David Linden, Ph.D., a professor of neuroscience at the Johns Hopkins University School of Medicine, breaks down the phenomenon of runner’s high and other effects running has on the brain.

What Happens to Your Body — and Brain — During a Run

When you start out on your run, your body goes through a transition: Your breathing may become heavy, and you might notice your pulse quicken as the heart pumps harder to move oxygenated blood to your muscles and brain.

As you hit your stride, your body releases hormones called endorphins. Popular culture identifies these as the chemicals behind “runner’s high,” a short-lasting, deeply euphoric state following intense exercise. Surveys have revealed runner’s high to be rather rare, however, with a majority of athletes never experiencing it. “Indeed, many distance runners feel merely drained or even nauseated at the end of a long race, not blissful,” says Linden.

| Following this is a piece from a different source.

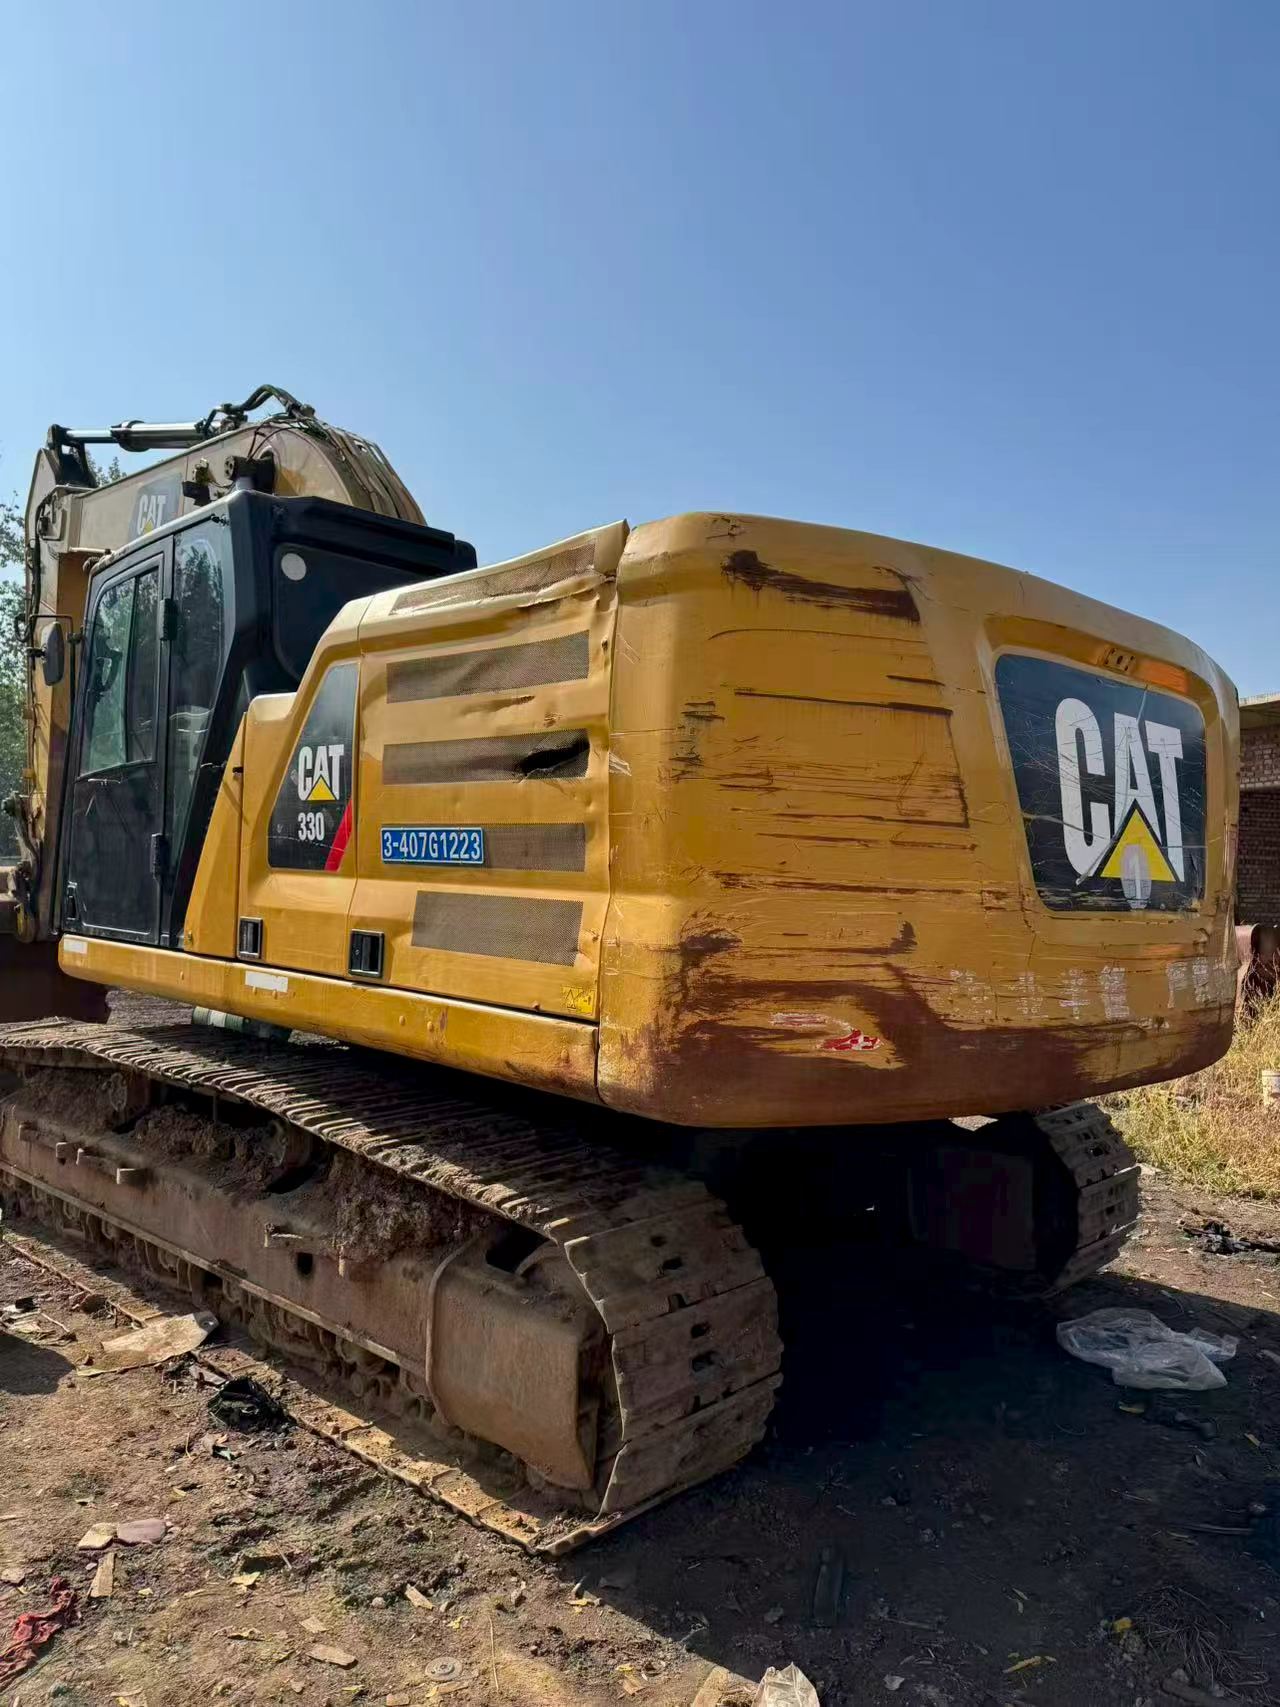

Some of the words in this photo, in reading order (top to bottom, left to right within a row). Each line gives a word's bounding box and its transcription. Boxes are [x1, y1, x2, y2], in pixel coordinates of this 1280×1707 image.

And though endorphins help prevent muscles from feeling pain, it is unlikely that endorphins in the blood contribute to a euphoric feeling, or any mood change at all. Research shows that endorphins do not pass the blood-brain barrier.

That relaxed post-run feeling may instead be due to endocannabinoids — biochemical substances similar to cannabis but naturally produced by the body.

Exercise increases the levels of endocannabinoids in the bloodstream, Linden explains. Unlike endorphins, endocannabinoids can move easily through the cellular barrier separating the bloodstream from the brain, where these mood-improving neuromodulators promote short-term psychoactive effects such as reduced anxiety and feelings of calm.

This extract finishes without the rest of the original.